Some thoughts on what the climate strikers and their allies and supporters could do to sustain morale and momentum after the May strike
On Friday May 24th the next climate strikes happen around the UK, and presumably the world too.
There’s plenty that adults in Greater Manchester can and should do to support the efforts of the young people (but that’s another blog post) .
I for one don’t know what is happening after that (1). I think that’s a key question that the strikers have to ask themselves (and I hope/suspect they’ve already started dong that).
I hope that they find time, energy and bandwidth amidst studying for their courses, being teenagers (and younger) (2).
Meanwhile, we adults/old farts have to ask ourselves what WE could propose, what WE could do to offer support to the strikers (3) So, this below is my attempt at sketching out some of the things that adults (whether parents or not) could do locally between June and the end of August.
It’s based in part on a longer blog post that I’ll put up soon-ish.
To start at the simplest level of the average supportive parents.
1. Support your child/children to get together with other climate strikers, perhaps set up a park meet-up on the weekend and try and get parents along too. What do your children want you to do? Perhaps they need your support to be more hands off, to let them get on with it, in which case look at what you could do as adults. Talk about what skills and resources you have, how you can support, what you need to find out. Contact councillors, ask friends to sign the petition….
2. Or if you are already involved in youth groups or climate group, then what about organising a series of meet ups or workshops etc etc. What about having workshops to help the young people amplify their voices? Using photography, blogging? Podcasts and poetry.

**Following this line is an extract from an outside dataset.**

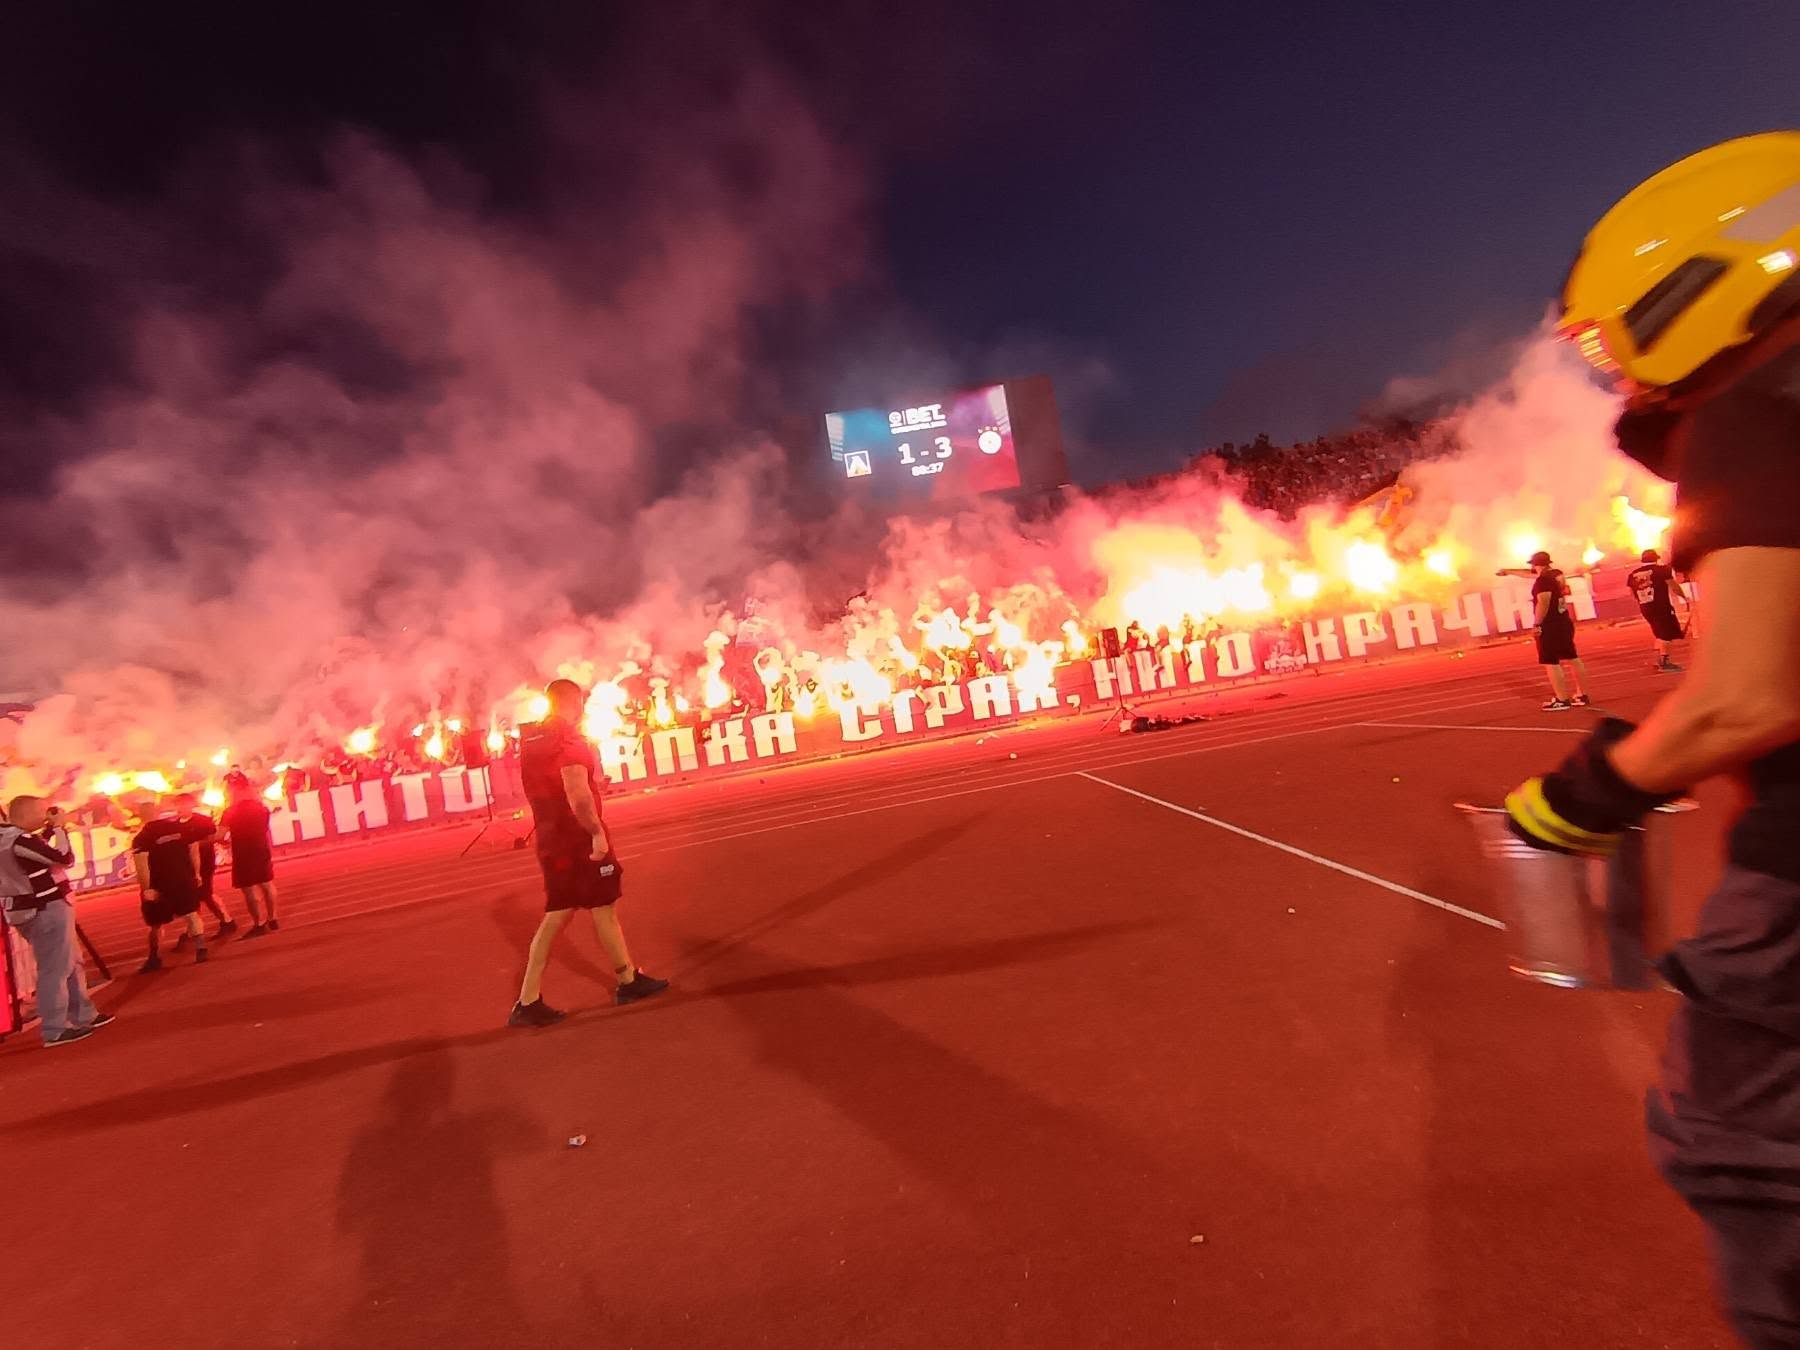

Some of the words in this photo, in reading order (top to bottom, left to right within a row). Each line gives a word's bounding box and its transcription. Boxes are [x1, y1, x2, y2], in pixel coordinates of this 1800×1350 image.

[898, 443, 915, 464] 1
[934, 436, 952, 458] 3
[599, 711, 798, 784] АПКА

3. One thing is to start finding out now the specifics of what sorts of things the young people think that they need. From the interviews with them so far, there have been a couple of themes –
I would like to have some more books about climate change inside libraries to teach people things they don’t already know / I’d like them to make information child friendly because some of the information I found talked down to me and other information I couldn’t understand the language and had to ask for help to know what it was talking about.
So, there is a job of work to be done here, where adults who write could submit their work to kids who could then ‘vet’ the efforts, suggest improvements before final versions were made.

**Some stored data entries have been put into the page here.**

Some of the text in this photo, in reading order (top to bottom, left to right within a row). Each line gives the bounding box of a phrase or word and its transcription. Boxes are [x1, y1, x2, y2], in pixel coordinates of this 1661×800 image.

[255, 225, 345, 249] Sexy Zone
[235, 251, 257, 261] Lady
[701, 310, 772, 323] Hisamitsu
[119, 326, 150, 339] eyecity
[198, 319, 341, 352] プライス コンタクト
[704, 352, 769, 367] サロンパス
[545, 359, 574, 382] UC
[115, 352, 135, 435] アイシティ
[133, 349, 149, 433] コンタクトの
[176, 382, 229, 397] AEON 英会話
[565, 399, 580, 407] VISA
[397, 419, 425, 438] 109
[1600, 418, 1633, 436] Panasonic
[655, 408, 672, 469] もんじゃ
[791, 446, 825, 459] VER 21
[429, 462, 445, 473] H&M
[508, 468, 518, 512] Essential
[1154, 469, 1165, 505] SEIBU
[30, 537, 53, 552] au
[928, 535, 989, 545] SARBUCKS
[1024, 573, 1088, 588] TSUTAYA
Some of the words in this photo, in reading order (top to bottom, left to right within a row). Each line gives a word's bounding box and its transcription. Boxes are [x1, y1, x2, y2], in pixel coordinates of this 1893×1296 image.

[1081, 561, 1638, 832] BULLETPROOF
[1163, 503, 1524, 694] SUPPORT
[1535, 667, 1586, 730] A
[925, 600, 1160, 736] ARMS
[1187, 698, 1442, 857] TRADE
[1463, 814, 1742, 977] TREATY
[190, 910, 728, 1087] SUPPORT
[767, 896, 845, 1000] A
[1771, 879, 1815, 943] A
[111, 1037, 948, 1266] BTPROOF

4. Might it be possible to create opportunities for young people (and their parents?) to meet and get to know each other without the stress/adrenaline/noise of a strike, nvda, police and all that that entails. There are lots of venues which claim to be supportive of the strikers (and a subset of those actually are, and would surely be up for hosting regular-ish get togethers). There needn’t be any particular agenda, but surely if the attendees decided they wanted a guest speaker to come along and give some perspectives on, say, climate science, or social movements, or whatever, then adults should be able to find some people, no?
And given that there is going to be some very nice weather (funny how the warm summers keep getting warmer…) then who actually needs an indoor city centre venue – why not use the parks and green spaces that haven’t yet been paved over/flogged off to developers?
5. Sympathetic adults could help young people organise workshops around poetry, fiction writing, song writing on climate change. Indeed, how come there isn’t already a Manchester-based writing competition (fiction and non-fiction) for young people around climate change and what means to them? With best entries published in a book, for example?
6. More ambitiously, I personally think there is scope for a” climate academy”, held at a sympathetic school , where at the end of the day those attending get a certificate of “carbon citizenship” that actually meant something. Such a curriculum might involve people watching short videos beforehand and then coming ready to do activities around…
- Climate science in a nutshell and how to explain it to someone who knows nothing
- Mocking climate denialism into irrelevance
- Spotting false friends who claim to be on your side but are actually advocating business-as-usual, and what to say and do in response.
- Designing and holding decent public meetings
- Public speaking for beginners/advanced
- The real history of social movements and how they have worked in the past
- What was promised but is not actually happening in (Greater) Manchester, 2009-2019
- What COULD be happening in Manchester 2020 onwards
- Who are the local politicians (council, MPs) and what are their positions on climate change
- Your rights when dealing with the police
- Emotional support for dealing with burnout/fear etc
What ELSE should/could adults be doing to help the climate strikers? Please make suggestions in the comments box.
Footnotes
(1) I hope to Gaia not a march in London. Why? I have my reasons, but that’s another blog…
(2) These are KIDS we’re talking about here. If the adults hadn’t absolutely screwed this up, they could actually get on with being kids, but instead they are having to be the adults on the planet. It’s embarrassing. Of course, all over the planet, there are kids working in slavery conditions, dying of easily preventable diseases, starving… but that’s another blog.
(3) Whether the strikers feel minded to take that is another question. It’s not as if we old farts have a whole lotta credibility or moral authority at present, is it?